I hear people make jokes about it sometimes. Dismissing this "Me, too" uprising with that kind of benign misogyny that is insidious not because it rapes women behind dumpsters, but because it pays more attention to sports scores instead. Laughing when they accidentally bump up against you, their hands suddenly invasive. It's become a punchline for some, when unwanted touch comes up in conversation.

I am 23 years old, working for a vacuum company in the San Francisco Bay Area. It’s before morning meeting, and Carlos is at the white board with a marker. He’s drawn a big bed, and labeled the stick figures in it. “Hot bitch.” “Hotter bitch.” “Carlos.” The words “LAST NIGHT” are scrawled across the top. He draws squiggles to indicate the movement of these characters, making obscene noises to accompany his obscene gestures, then sits down next to me. When he catches me shaking my head, he grabs my knee. “You know what I’m talking about, Liz! That shit is hot!” I smile at him briefly, that careful smile so many of us women have perfected. The one that is polite, but closed off. The one that carefully smooths over the moment and waits for it to pass. Eventually, he moves his hand away from my knee.
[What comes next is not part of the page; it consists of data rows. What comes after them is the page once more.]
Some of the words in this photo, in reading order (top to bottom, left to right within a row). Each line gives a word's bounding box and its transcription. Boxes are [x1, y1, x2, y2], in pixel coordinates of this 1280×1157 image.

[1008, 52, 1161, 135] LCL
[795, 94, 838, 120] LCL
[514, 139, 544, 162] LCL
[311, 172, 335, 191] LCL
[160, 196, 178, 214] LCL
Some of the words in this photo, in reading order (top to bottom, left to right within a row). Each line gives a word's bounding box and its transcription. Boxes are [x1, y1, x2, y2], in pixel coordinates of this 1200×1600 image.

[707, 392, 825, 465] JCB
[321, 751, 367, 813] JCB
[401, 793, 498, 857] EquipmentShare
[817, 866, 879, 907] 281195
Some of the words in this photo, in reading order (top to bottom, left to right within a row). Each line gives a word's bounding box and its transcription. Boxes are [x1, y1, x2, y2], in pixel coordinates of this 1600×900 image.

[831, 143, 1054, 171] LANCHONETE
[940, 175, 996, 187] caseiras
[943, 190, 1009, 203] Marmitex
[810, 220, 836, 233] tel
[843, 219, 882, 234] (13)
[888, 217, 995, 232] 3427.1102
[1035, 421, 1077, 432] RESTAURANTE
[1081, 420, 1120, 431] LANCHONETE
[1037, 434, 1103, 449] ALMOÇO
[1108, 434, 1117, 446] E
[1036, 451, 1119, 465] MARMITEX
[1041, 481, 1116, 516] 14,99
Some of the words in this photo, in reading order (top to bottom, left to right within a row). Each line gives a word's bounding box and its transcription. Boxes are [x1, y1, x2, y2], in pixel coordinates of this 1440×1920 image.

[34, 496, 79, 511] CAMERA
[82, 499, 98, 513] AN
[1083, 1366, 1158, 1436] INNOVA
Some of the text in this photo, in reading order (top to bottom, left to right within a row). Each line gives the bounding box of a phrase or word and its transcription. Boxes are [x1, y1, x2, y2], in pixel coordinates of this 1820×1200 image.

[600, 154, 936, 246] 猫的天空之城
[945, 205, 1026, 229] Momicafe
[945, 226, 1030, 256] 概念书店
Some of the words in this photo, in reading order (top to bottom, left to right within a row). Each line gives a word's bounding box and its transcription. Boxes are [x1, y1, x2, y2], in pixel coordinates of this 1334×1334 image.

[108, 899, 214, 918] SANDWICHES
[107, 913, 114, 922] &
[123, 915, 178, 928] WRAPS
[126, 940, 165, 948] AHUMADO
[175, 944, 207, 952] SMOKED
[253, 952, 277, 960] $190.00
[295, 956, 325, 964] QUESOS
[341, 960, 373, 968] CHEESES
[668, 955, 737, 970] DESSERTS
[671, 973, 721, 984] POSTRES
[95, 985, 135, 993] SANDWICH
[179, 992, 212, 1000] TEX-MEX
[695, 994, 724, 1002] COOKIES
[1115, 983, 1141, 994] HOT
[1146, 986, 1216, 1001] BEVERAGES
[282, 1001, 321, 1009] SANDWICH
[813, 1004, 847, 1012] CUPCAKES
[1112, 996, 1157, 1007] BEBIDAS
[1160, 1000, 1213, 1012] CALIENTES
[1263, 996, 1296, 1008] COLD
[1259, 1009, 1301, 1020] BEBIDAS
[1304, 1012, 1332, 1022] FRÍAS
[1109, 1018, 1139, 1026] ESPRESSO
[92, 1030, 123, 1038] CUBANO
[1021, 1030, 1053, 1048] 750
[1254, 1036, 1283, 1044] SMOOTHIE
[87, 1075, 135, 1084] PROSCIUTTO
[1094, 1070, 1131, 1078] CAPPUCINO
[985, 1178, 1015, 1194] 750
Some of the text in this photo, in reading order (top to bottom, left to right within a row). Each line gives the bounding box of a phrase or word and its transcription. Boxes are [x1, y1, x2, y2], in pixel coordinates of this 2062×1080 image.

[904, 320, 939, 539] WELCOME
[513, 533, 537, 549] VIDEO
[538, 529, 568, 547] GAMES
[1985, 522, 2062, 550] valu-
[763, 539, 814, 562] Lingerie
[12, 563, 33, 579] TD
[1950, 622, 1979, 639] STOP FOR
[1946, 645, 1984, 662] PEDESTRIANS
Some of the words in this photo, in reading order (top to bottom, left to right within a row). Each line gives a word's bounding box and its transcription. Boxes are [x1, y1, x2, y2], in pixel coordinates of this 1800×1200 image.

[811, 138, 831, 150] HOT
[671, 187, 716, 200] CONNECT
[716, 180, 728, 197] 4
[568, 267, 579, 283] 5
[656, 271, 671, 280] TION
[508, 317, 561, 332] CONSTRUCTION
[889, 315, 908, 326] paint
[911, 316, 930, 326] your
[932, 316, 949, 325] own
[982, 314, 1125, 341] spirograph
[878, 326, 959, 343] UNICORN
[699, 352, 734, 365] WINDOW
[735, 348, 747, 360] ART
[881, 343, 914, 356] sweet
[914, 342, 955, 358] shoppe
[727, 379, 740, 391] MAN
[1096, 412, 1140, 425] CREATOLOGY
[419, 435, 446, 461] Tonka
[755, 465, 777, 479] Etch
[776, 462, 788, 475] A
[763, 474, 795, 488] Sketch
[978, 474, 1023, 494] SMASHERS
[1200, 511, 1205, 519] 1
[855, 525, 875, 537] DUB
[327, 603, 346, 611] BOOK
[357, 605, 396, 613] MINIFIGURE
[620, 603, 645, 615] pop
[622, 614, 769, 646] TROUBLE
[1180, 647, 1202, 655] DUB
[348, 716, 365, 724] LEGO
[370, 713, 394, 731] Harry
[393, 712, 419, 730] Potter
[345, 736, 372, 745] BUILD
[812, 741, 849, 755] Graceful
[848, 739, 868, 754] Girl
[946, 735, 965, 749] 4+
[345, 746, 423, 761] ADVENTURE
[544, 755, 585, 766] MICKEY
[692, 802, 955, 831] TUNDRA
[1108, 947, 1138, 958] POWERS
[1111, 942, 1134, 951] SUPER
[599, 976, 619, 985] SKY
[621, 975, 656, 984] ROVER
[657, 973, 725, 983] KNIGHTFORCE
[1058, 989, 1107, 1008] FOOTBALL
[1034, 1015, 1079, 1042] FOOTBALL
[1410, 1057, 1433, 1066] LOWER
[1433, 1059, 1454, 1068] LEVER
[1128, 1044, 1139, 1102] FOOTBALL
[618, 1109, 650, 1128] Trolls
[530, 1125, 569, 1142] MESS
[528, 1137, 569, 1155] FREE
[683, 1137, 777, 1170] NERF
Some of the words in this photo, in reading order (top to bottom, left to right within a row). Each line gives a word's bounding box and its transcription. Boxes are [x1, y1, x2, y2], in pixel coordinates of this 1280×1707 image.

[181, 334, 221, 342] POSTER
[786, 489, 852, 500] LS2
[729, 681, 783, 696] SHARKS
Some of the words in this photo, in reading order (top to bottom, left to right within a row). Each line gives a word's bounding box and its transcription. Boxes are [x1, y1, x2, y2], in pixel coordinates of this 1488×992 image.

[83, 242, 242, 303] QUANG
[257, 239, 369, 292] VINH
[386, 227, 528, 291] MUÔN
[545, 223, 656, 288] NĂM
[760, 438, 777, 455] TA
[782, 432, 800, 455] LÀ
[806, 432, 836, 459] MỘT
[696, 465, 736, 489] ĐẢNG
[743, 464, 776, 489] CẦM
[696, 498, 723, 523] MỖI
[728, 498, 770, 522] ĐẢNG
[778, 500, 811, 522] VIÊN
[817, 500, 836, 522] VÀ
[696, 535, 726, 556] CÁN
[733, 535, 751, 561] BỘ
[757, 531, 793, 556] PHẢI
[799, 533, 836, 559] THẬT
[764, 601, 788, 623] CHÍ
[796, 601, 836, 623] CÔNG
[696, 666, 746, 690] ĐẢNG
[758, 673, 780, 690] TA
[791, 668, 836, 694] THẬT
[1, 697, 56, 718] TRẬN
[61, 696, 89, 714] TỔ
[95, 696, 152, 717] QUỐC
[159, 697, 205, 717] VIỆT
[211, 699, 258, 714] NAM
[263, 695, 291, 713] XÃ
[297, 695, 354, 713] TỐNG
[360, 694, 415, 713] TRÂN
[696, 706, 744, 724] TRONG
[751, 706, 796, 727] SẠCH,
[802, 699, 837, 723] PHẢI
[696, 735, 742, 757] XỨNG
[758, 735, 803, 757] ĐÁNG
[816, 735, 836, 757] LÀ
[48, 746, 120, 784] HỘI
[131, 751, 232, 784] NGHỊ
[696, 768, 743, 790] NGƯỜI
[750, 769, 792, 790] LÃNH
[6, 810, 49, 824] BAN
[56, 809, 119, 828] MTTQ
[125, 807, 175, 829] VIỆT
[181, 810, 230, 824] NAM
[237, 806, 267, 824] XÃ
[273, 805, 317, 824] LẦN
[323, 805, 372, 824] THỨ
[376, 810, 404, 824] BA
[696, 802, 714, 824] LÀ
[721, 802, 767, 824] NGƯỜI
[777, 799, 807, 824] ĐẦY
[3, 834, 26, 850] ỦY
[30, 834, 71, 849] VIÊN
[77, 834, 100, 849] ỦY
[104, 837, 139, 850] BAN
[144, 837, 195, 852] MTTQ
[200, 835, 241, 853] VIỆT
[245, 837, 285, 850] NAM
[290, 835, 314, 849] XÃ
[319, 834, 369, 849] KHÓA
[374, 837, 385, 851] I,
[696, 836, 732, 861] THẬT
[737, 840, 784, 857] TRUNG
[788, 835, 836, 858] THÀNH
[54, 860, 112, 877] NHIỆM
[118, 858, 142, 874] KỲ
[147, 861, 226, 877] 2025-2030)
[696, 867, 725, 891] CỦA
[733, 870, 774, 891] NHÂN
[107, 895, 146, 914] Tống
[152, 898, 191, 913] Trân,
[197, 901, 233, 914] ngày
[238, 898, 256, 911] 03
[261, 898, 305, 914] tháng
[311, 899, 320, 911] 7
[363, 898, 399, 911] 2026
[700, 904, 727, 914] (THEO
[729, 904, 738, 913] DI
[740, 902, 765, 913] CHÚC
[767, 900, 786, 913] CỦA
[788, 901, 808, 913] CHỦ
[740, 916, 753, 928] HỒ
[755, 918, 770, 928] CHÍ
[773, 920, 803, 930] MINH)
This narrative of women accusing powerful men of sexual misconduct in order to “take them down” doesn’t make sense to me. It never has. It’s based on two premises that are difficult for me to accept. That A, women are consistently listened to and believed when they make accusations of sexual assault and harassment, and B, that men are consistently held accountable for their actions. Because historically, until recently, neither of those things have been true.

I am 23 years old, sitting with co-workers on a break. Michael and I have kissed a few times in the last few days. He’s sitting now with his arm over the back of my seat, his hand dangling close to my breast. In order to move it away, I take his hand and compliment it’s shape. “They are nice hands,” he replies. “They should be here”—he hovers over my breast—“or here”—he starts to reach between my legs. I grab his hand to stop him. “No,” I say. “Why not?” he asks. “My body,” I say, “ My body, my rules.” Later, another co-worker tells me to not lead Michael on. “If you’re not going to fuck him, don’t lead him on.” He tells me to be careful about how I treat Michael, to be careful to not waste his time.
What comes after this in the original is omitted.